▶ _Task to complete_: Only the pictures are to be dropped, and the rest of the data should be copied exactly.
Raw data Start Marker
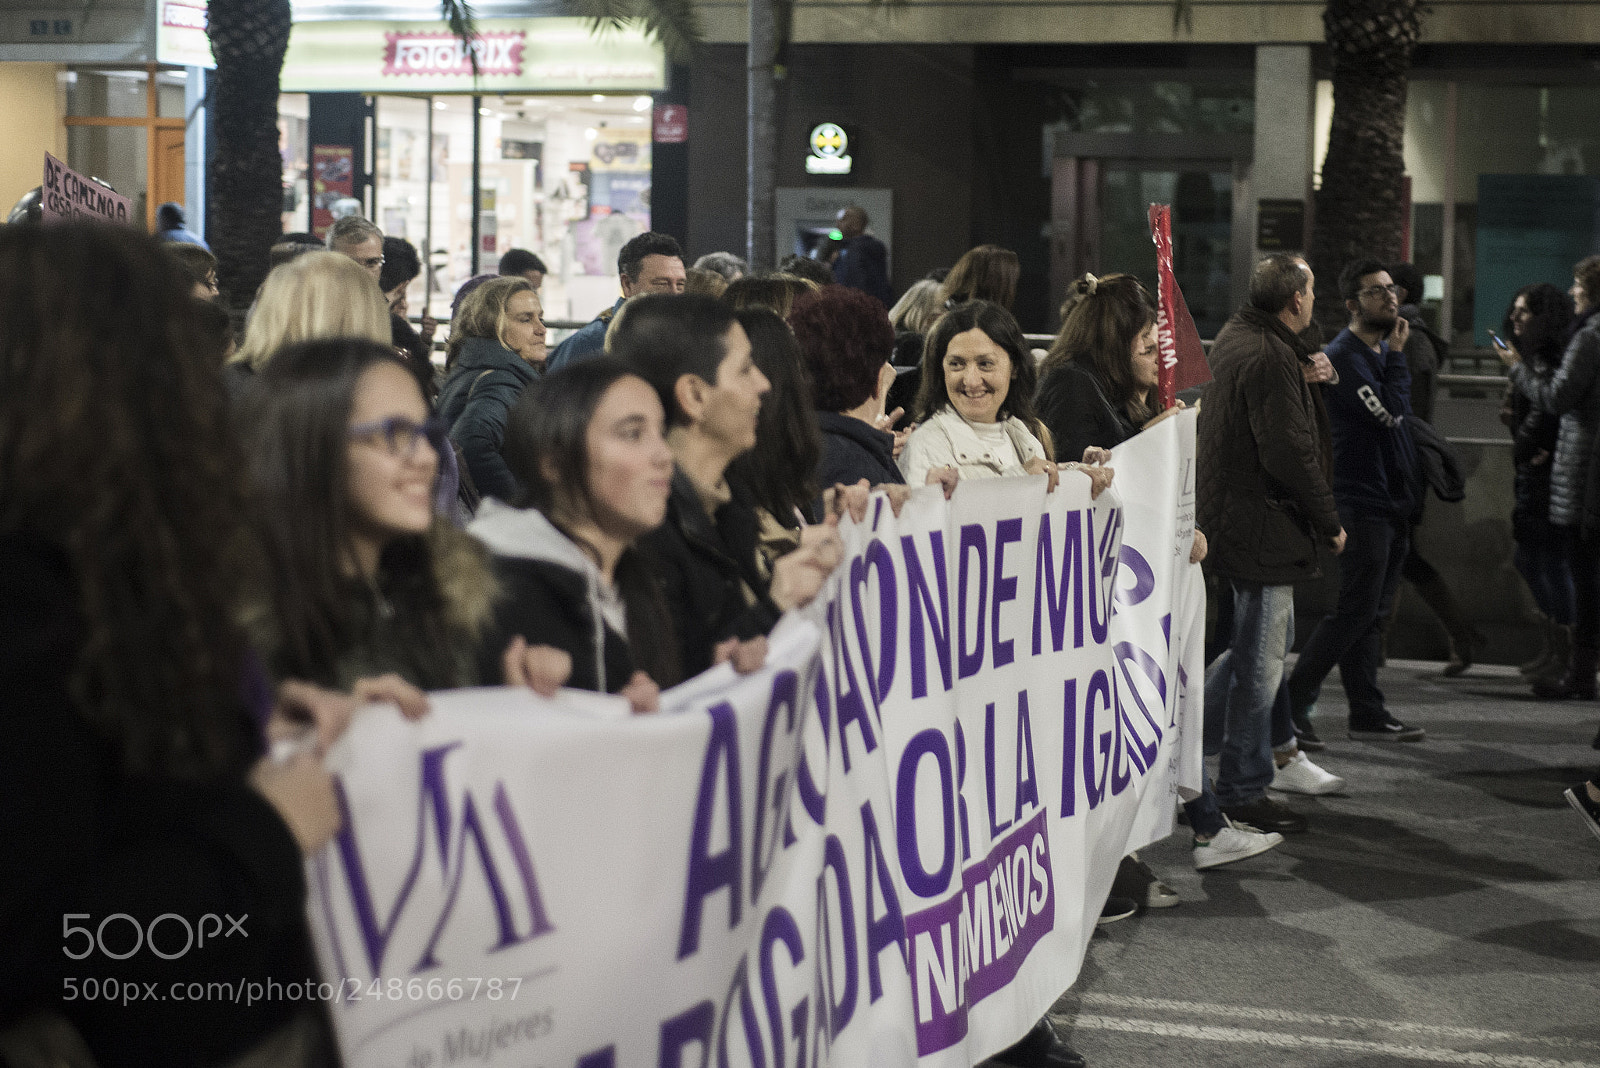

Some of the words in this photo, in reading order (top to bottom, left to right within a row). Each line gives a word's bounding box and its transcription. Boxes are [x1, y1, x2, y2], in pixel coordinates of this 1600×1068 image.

[46, 157, 61, 193] DE
[63, 172, 115, 219] CAMINO
[958, 517, 1023, 681] DE
[984, 689, 1040, 842] LA
[443, 1007, 556, 1063] Mujeres
Raw data End Marker
▶ _Final answer_:
Some of the words in this photo, in reading order (top to bottom, left to right within a row). Each line gives a word's bounding box and its transcription. Boxes are [x1, y1, x2, y2], in pixel coordinates of this 1600×1068 image.

[46, 157, 61, 193] DE
[63, 172, 115, 219] CAMINO
[958, 517, 1023, 681] DE
[984, 689, 1040, 842] LA
[443, 1007, 556, 1063] Mujeres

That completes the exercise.